The fog has advanced another 10 kilometers: at our town’s northwest flank, the first fingers of mist are scumbling the figures in the great basalt scarps that have served as a slate for hundreds of years. Spirit messages are written here. The old town sits astraddle the saddle-shaped talus below them — like an old, solitary rider, afraid to fall off his horse.
The historic town lies in disrepair. Half the houses are walls, nothing more — occupantless ruins carrying a medieval kind of curse. As Dante’s God condemned sinners to live forever the mundane vices they preferred, the bygone residents retain the power to condemn those who stayed to the ruins of their ancestors.
It has been two-and-a-half years since the great relocation occurred — since the young teachers, dissatisfied with their place in the universe, promulgated , in the wake of a hurricane, the exodus from a town that (they said) was slipping off its site of thousands of years.
The storm event that provoked the move did less damage than the relocaters.
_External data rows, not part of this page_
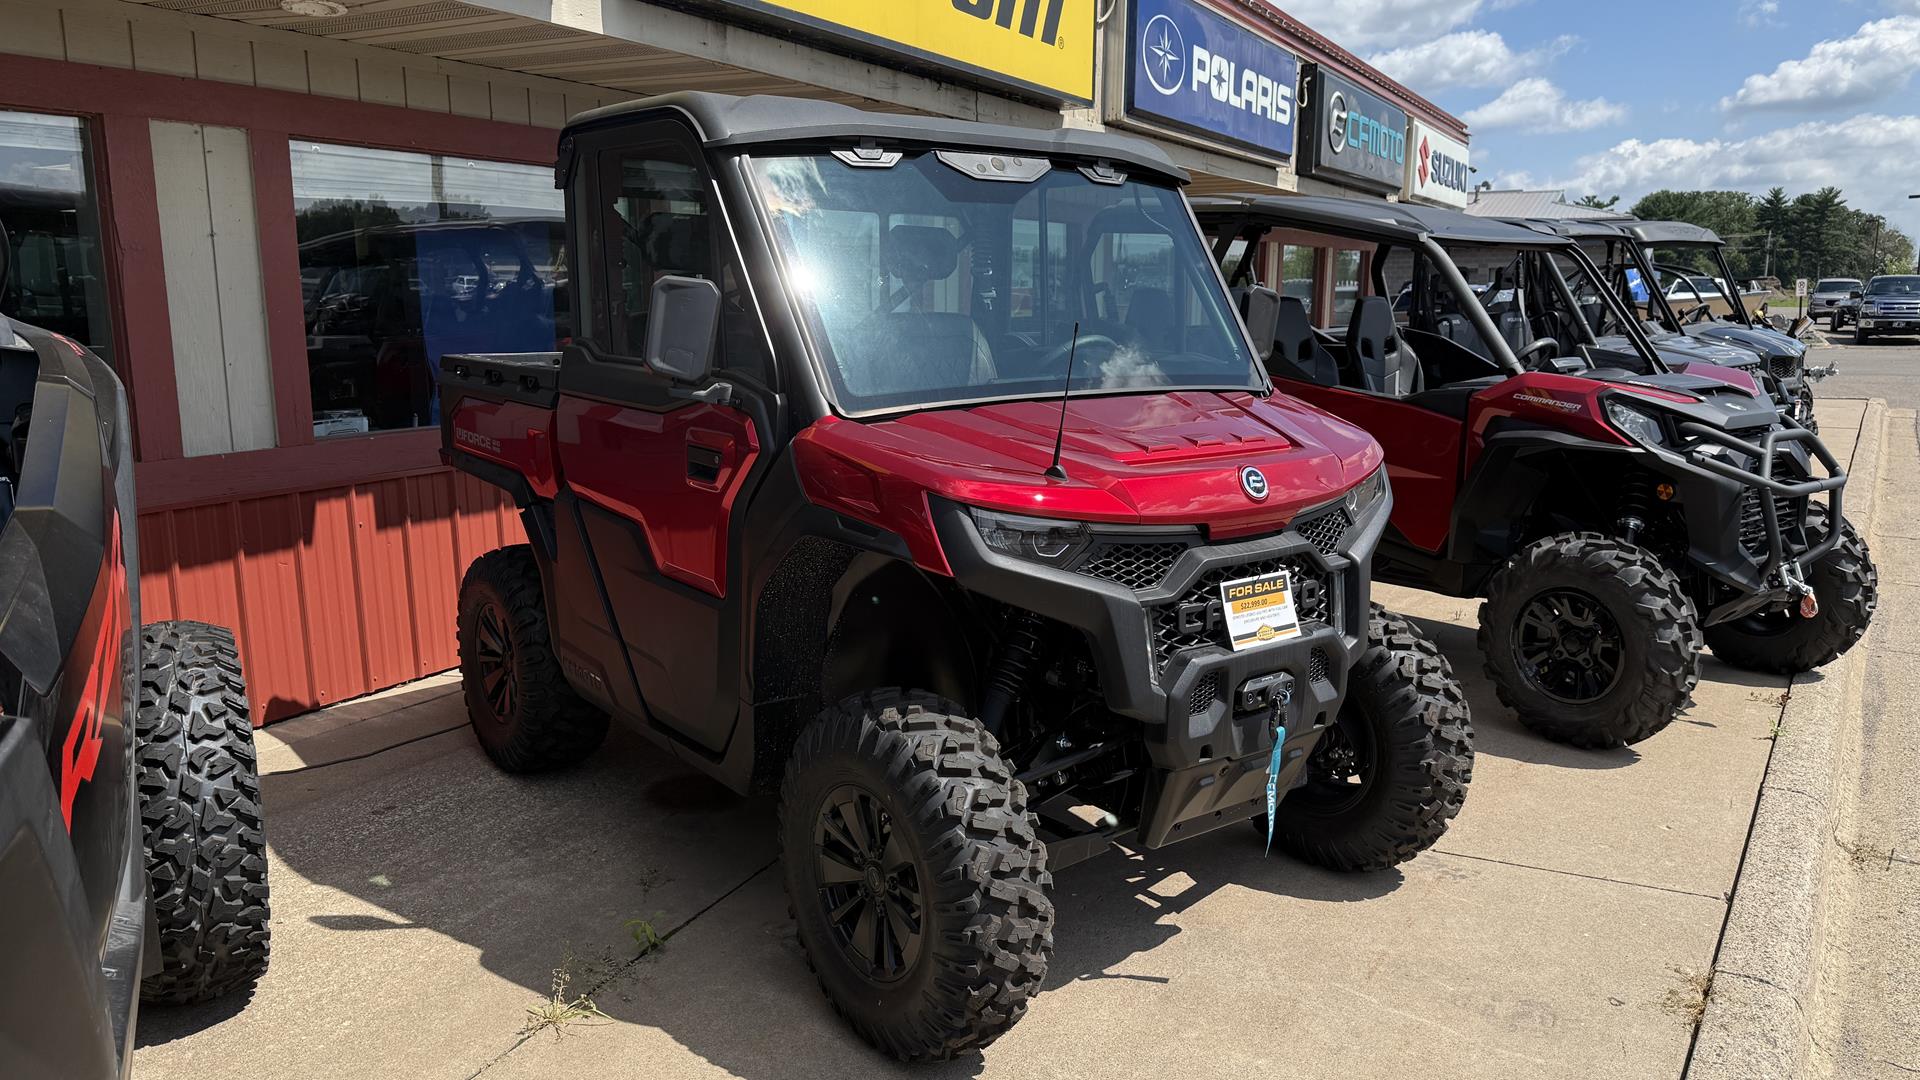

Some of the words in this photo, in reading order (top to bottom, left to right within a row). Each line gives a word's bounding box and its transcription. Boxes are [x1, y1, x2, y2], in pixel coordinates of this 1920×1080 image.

[1192, 45, 1292, 125] POLARIS
[1346, 111, 1405, 165] CFMOTO
[1431, 150, 1468, 193] SUZUKI
[1513, 393, 1582, 410] COMMANDER
[1229, 585, 1253, 599] FOR
[1255, 578, 1284, 594] SALE
[1241, 598, 1268, 610] $22,999.00
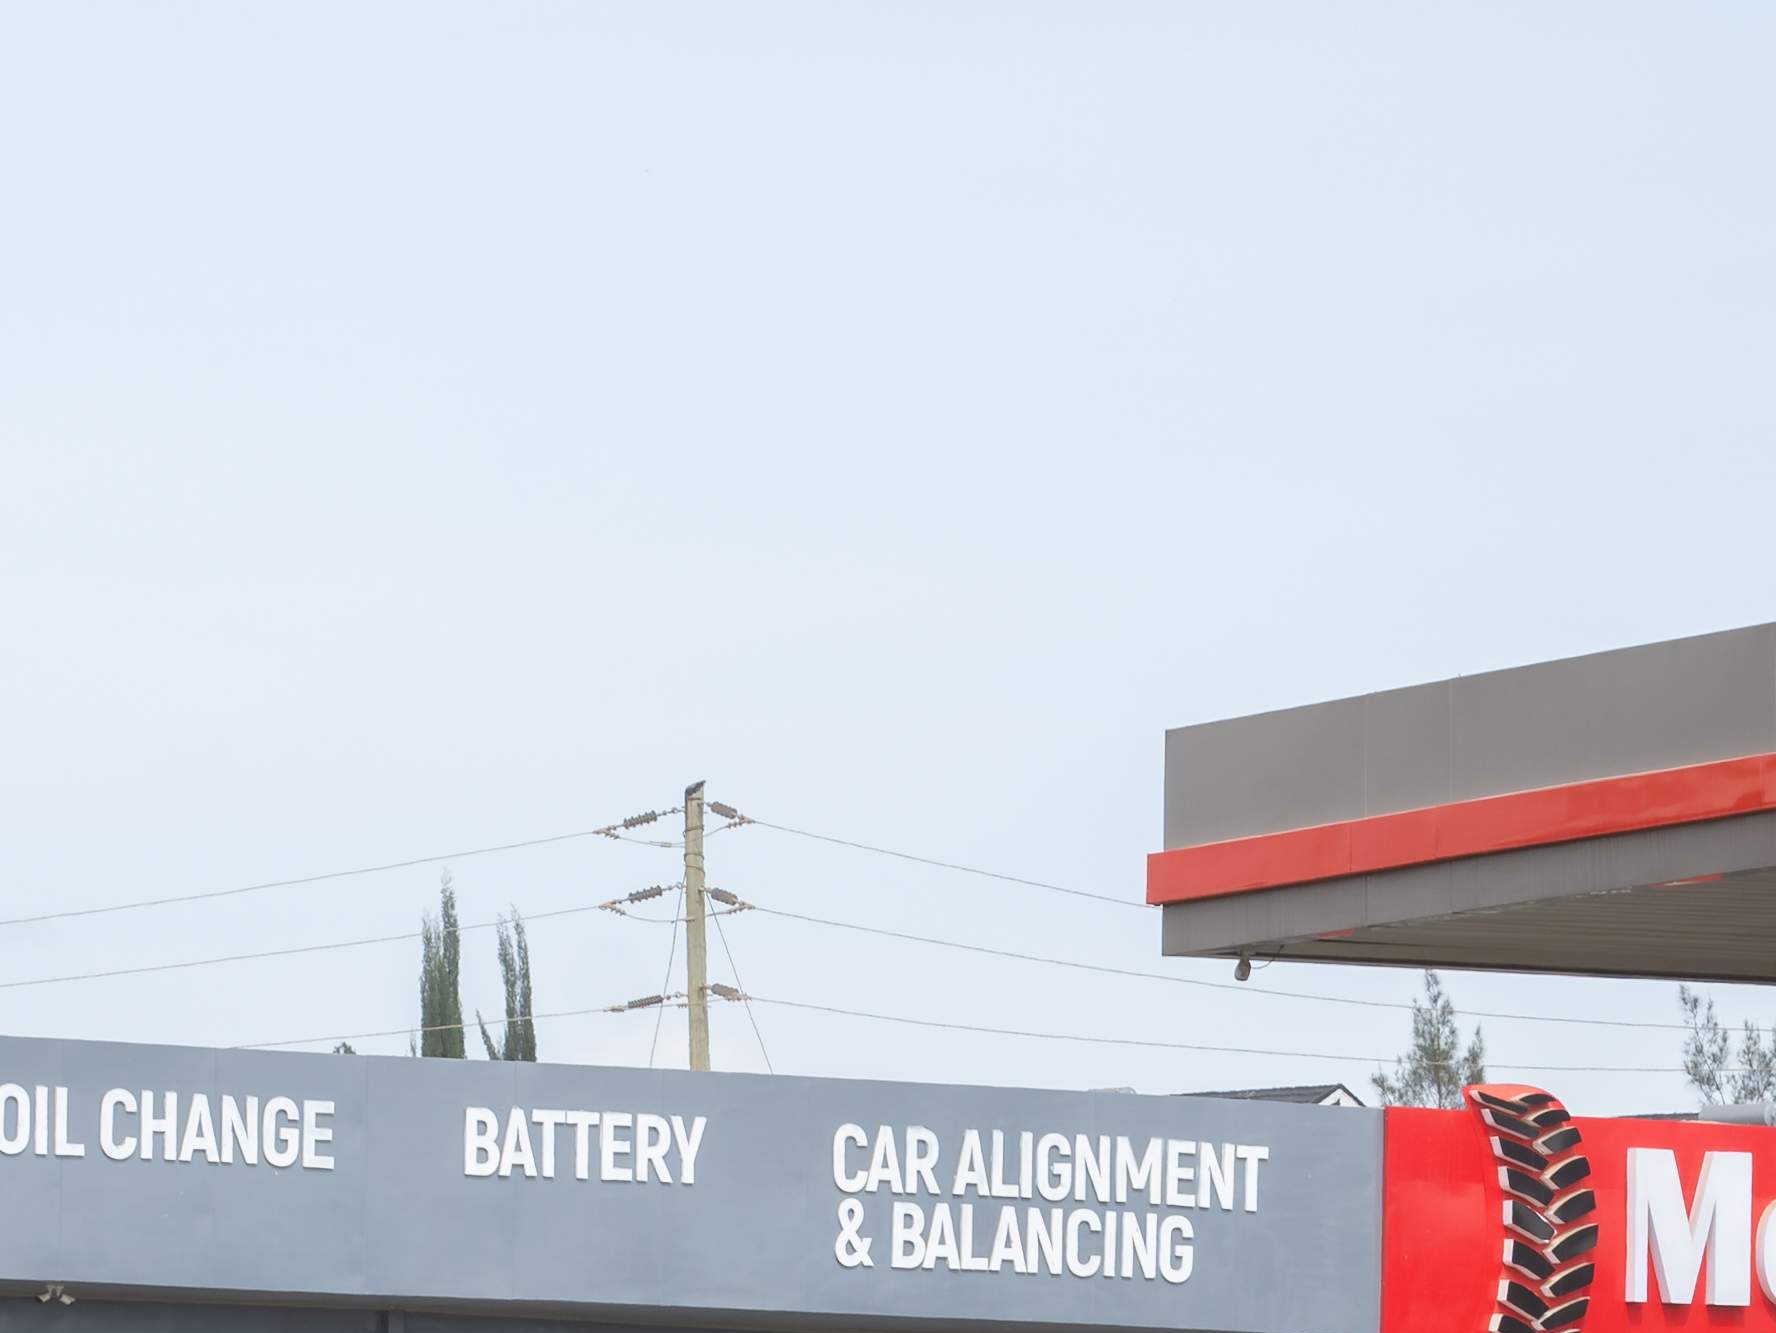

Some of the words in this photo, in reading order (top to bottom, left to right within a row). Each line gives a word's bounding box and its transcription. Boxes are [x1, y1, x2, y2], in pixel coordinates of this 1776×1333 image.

Frustrated with the obscurantists who resisted them, they destroyed what they left behind, and carried off the town’s infrastructure — including the antique fountain in the civic square, and the 66 colonial statues of the church.
Moreover (the Dantesque part) they control still their abandoned relicts — in effect, condemning those who remain to rebuild their town around the stones of a graveyard.
The irony is that the “traditionalists” who stayed behind are hardly more traditional than the relocating teachers.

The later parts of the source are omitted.